The accident aircraft was de Havilland DH.89A Dragon Rapide G-ACPM, c/n 6251. This aircraft was the first production Dragon Rapide. The aircraft had been entered in the 1934 King's Cup Race by Lord Wakefield but withdrew at Waddington following hail damage. It had been delivered to Hillman's Airways on 27 July.
The flight had departed Abridge at 10 am. Cloudbase was 700 feet (210 m) and visibility was 2 miles (3 km) but decreased in rain within half an hour of the aircraft's departure. At 10.47, the aircraft was approaching the coast and the pilot asked Croydon for a radio bearing. The bearing received placed him north of Dover. The normal route in conditions of bad visibility was from Dungeness to Le Touquet. The pilot turned south to regain his course. At about 11:02, the aircraft dived into the sea and was destroyed, killing all seven people on board.
The location of the accident was 4 miles (6.4 km) off Folkestone. The crash was heard by the crew of the German SS Leander. A boat was lowered and some wreckage and two bodies were discovered within ten minutes. Visibility at the time was poor in patchy rain with a cloudbase of 300 feet (91 m) The British coaster SS Snowcrete joined the search. Its boat recovered a third body.

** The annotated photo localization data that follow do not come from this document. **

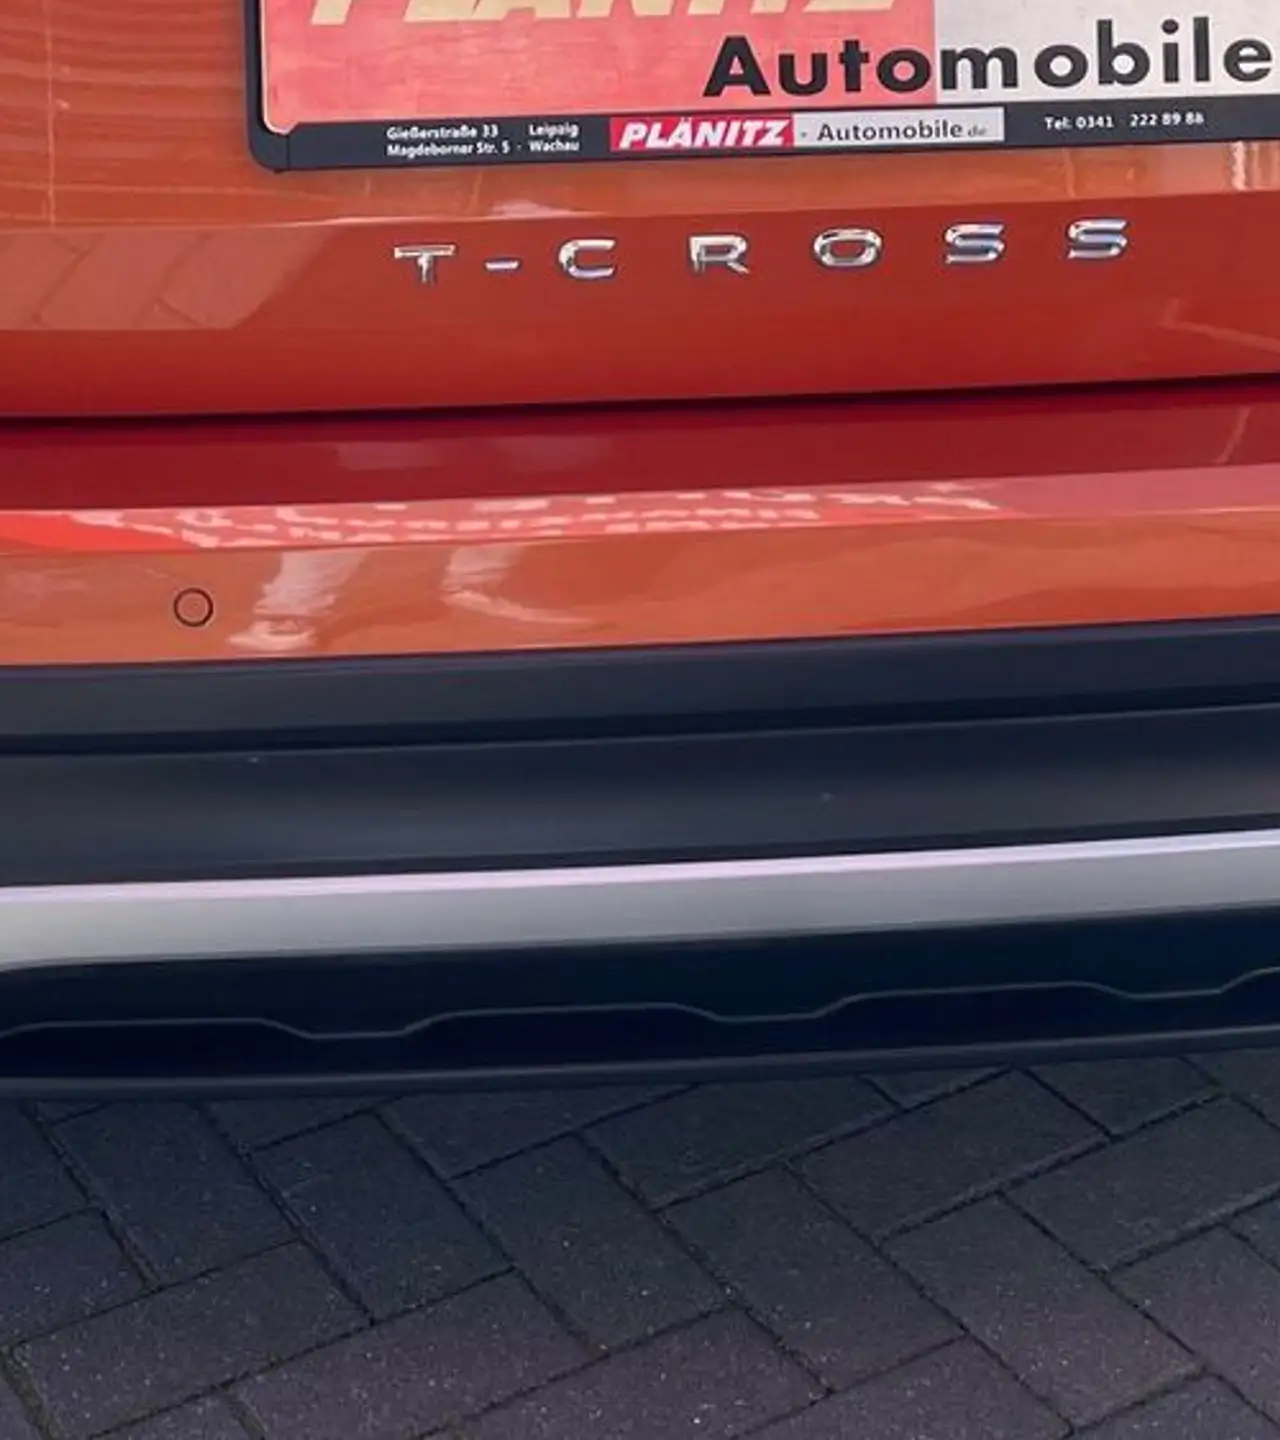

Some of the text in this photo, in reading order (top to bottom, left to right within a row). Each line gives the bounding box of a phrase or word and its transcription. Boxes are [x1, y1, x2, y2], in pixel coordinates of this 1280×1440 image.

[703, 16, 1273, 98] Automobile
[386, 122, 580, 140] Gießerstraße 33 Leipzig
[619, 116, 791, 149] PLÄNITZ
[1075, 115, 1114, 129] 0341
[1129, 113, 1158, 127] 222
[1161, 112, 1182, 126] 89
[476, 141, 498, 155] Str.
[528, 138, 580, 152] Wachau
[394, 218, 1128, 285] T-CROSS
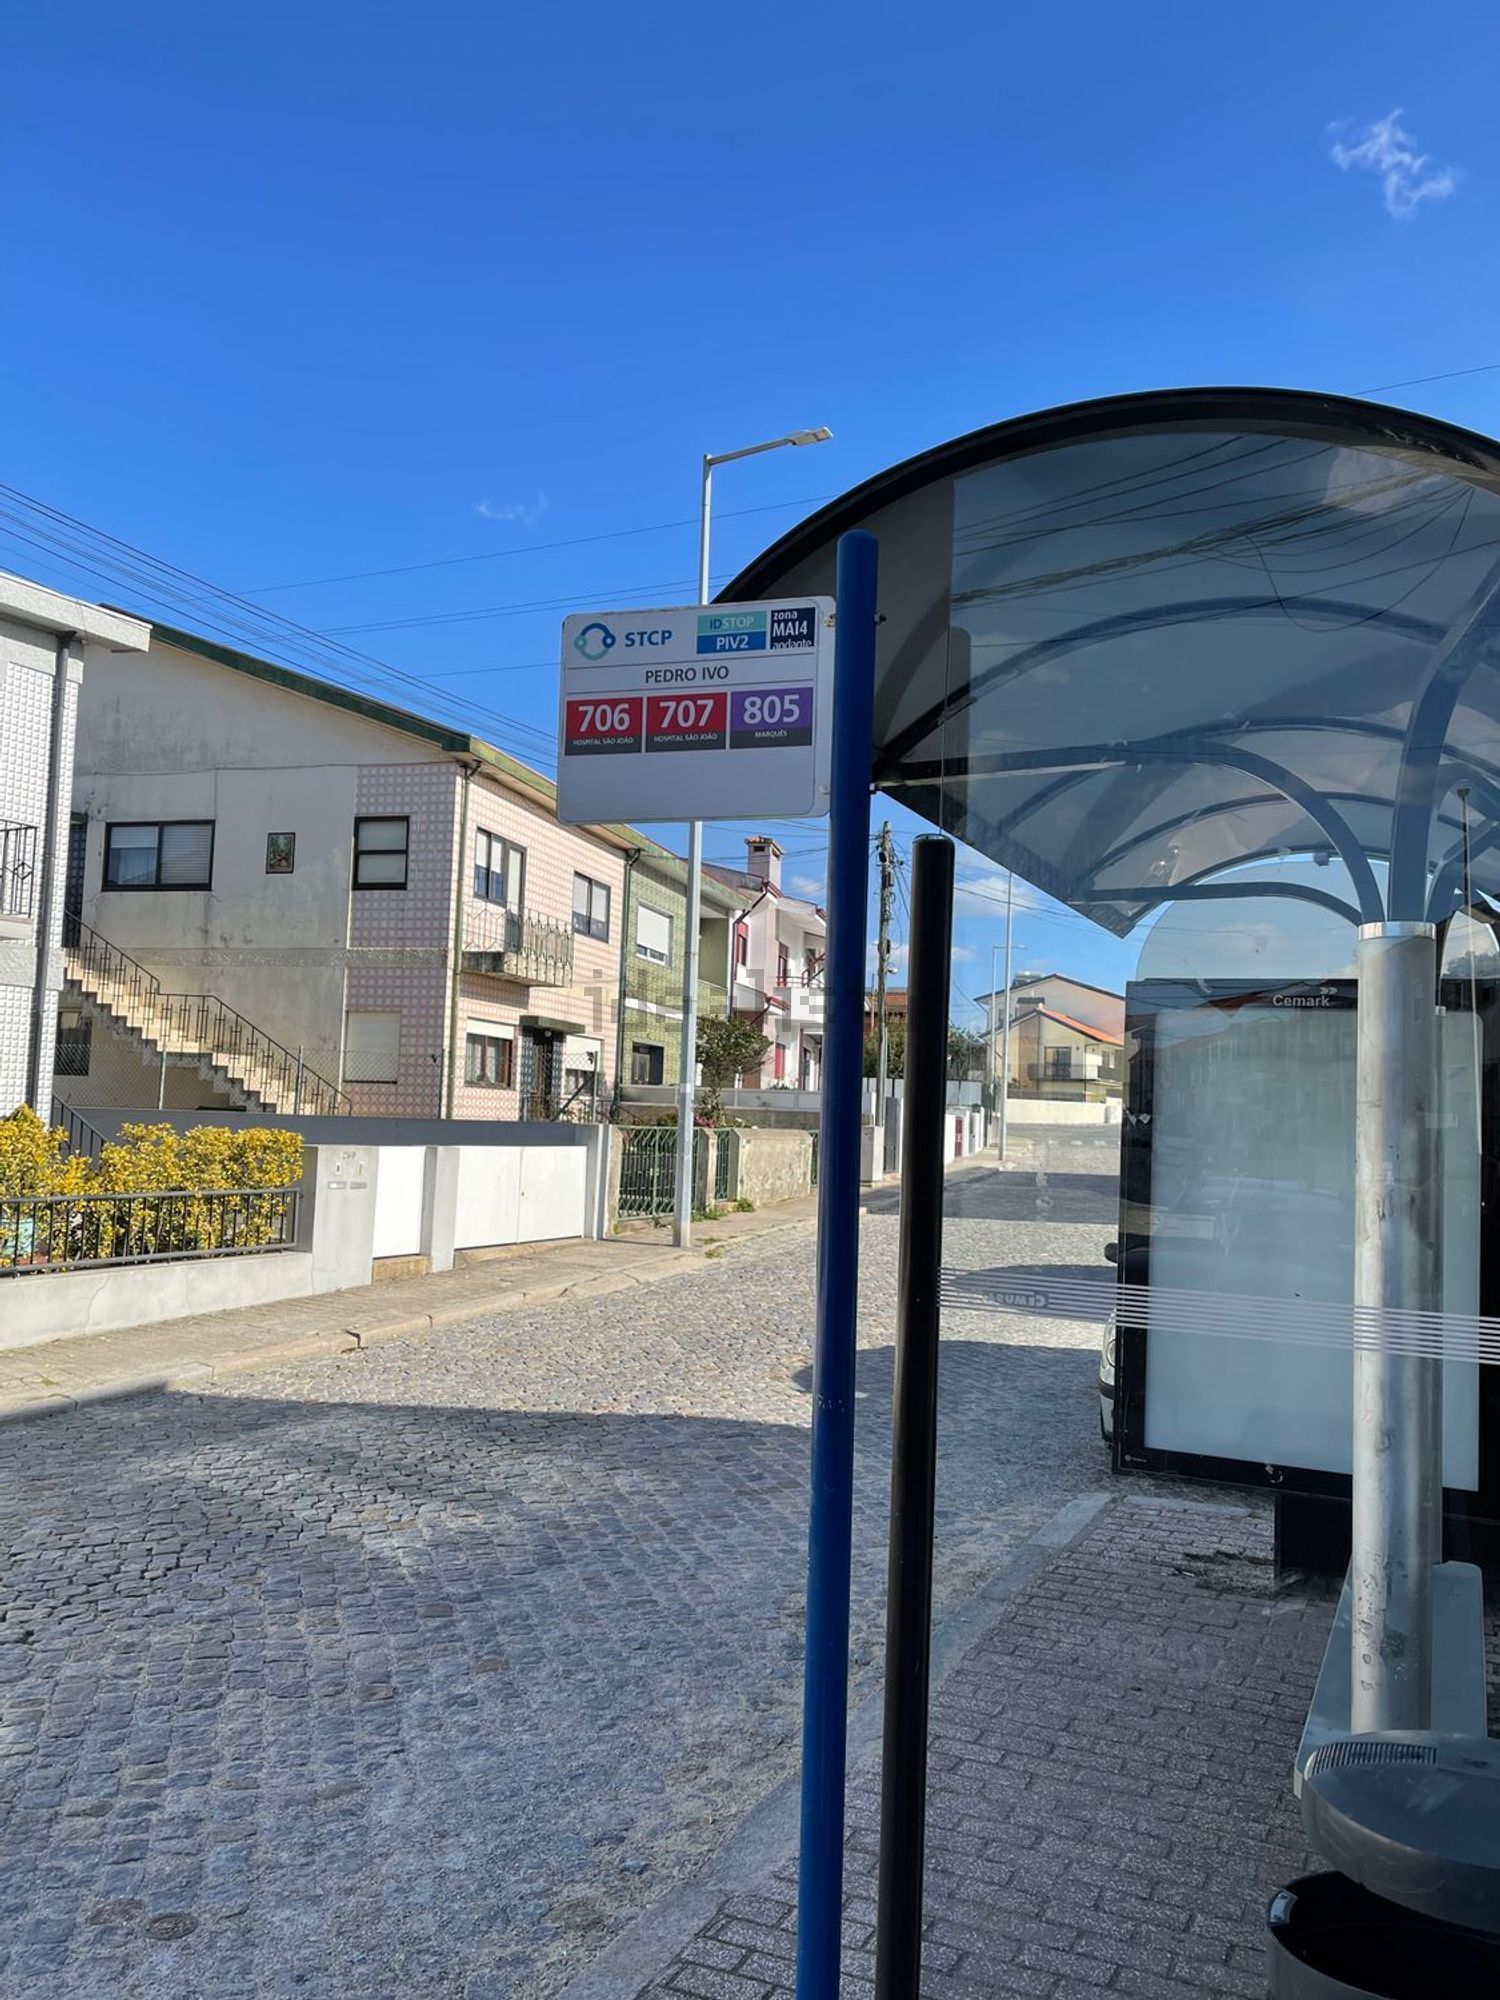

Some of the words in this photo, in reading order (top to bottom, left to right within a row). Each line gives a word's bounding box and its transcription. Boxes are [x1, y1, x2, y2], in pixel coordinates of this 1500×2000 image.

[709, 615, 754, 630] IDSTOP
[773, 610, 798, 620] zona
[772, 620, 808, 637] MAI4
[624, 629, 673, 648] STCP
[716, 635, 749, 650] PIV2
[645, 667, 697, 684] PEDRO
[702, 665, 729, 681] IVO
[659, 699, 714, 729] 707
[743, 694, 800, 725] 805
[577, 703, 631, 733] 706
[572, 738, 602, 746] HOSPITAL
[654, 734, 685, 743] HOSPITAL
[1273, 994, 1330, 1007] Cemark
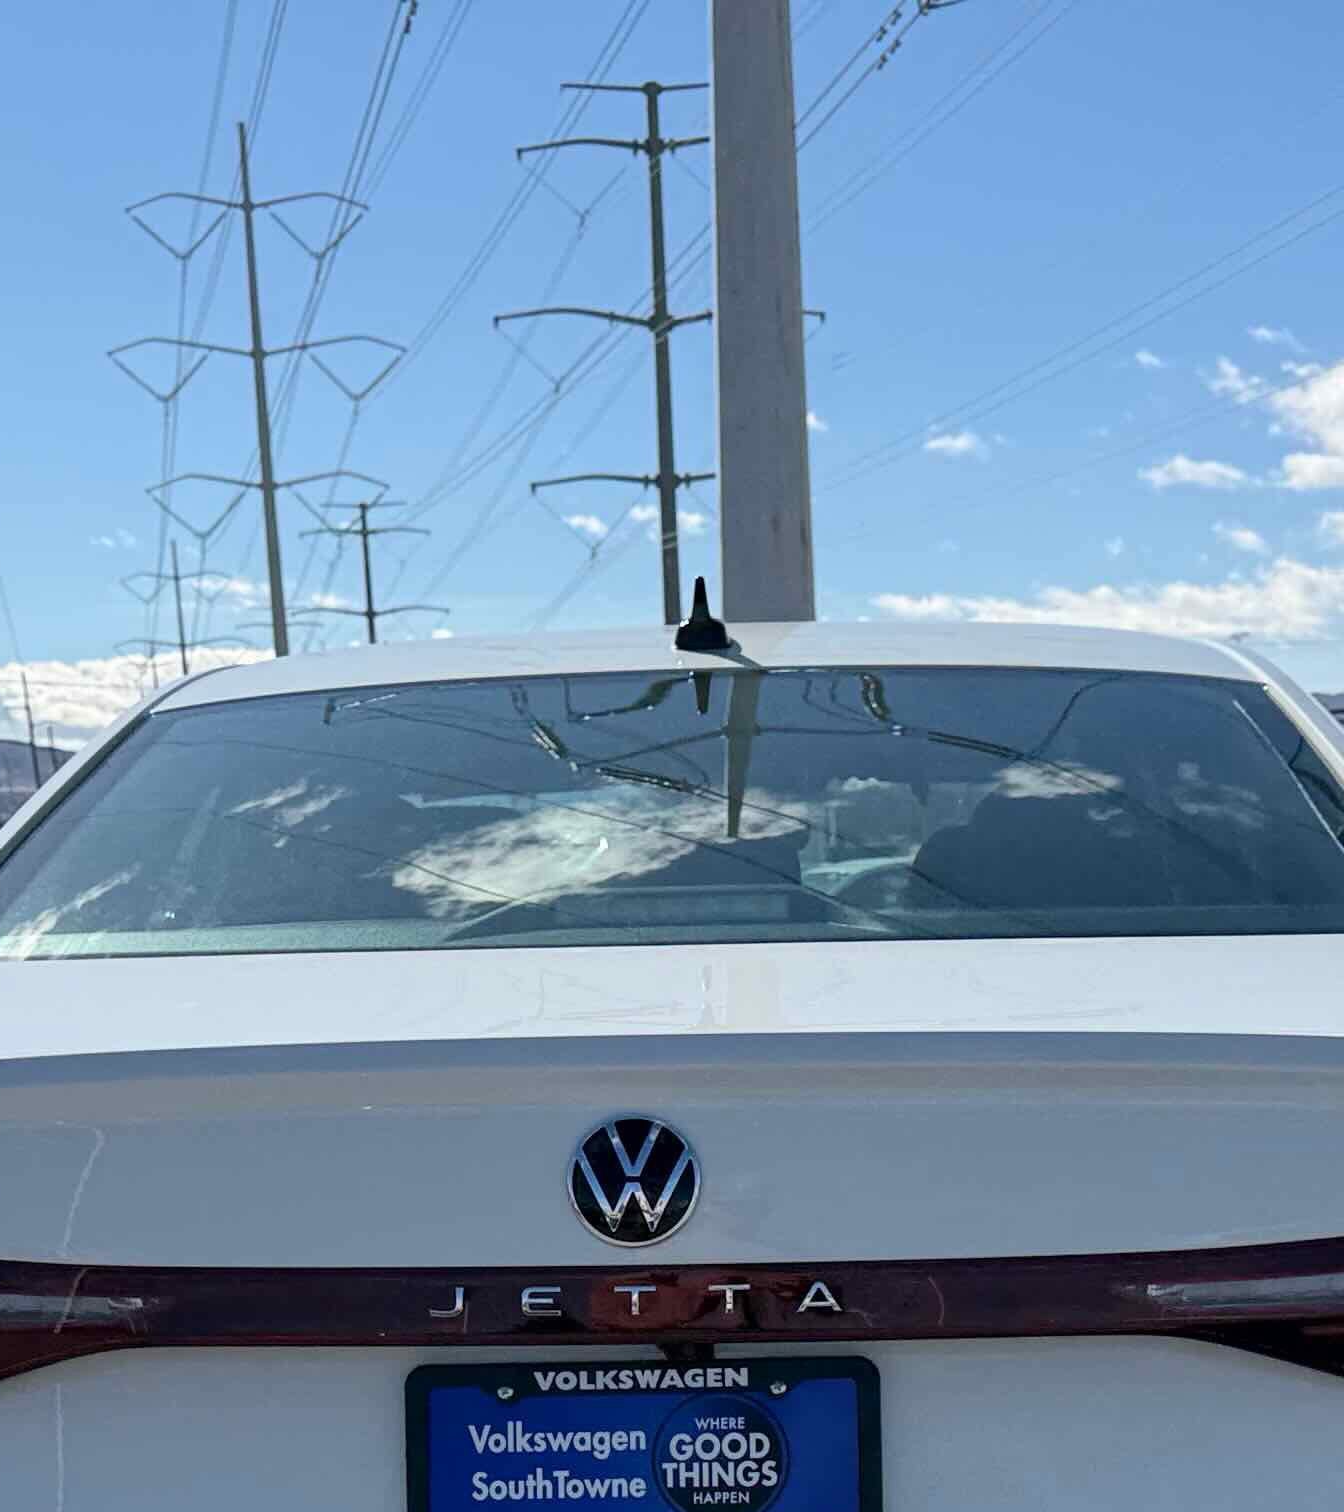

The Southern Railway's cross-channel ferry SS Biarritz also joined the search. Two more bodies were recovered. The victims were transferred to Biarritz which took them to Folkestone before resuming her voyage to Boulogne. The Dover Lifeboat and a tug from Dover searched for the remaining two victims. Wreckage from the aircraft was landed at Dover and Folkestone. The accident resulted in the first write-off of a Dragon Rapide.
The inquest into the deaths of the five people whose bodies had been recovered was opened by the Folkestone Coroner at Folkestone Town Hall on 4 October. Evidence was given that the aircraft had probably crashed into the sea at high speed and all victims had died from multiple injuries. A verdict of "accidental death" was returned on all five victims.
An Air Ministry investigation determined the cause of the accident to be pilot error due to the pilot's lack of experience in navigation and blind flying. Although conditions lower down were extremely poor, there was little cloud between 3,000 and 8,000 ft (900 and 2,400 m). The sea was calm and the pilot was unable to distinguish its surface.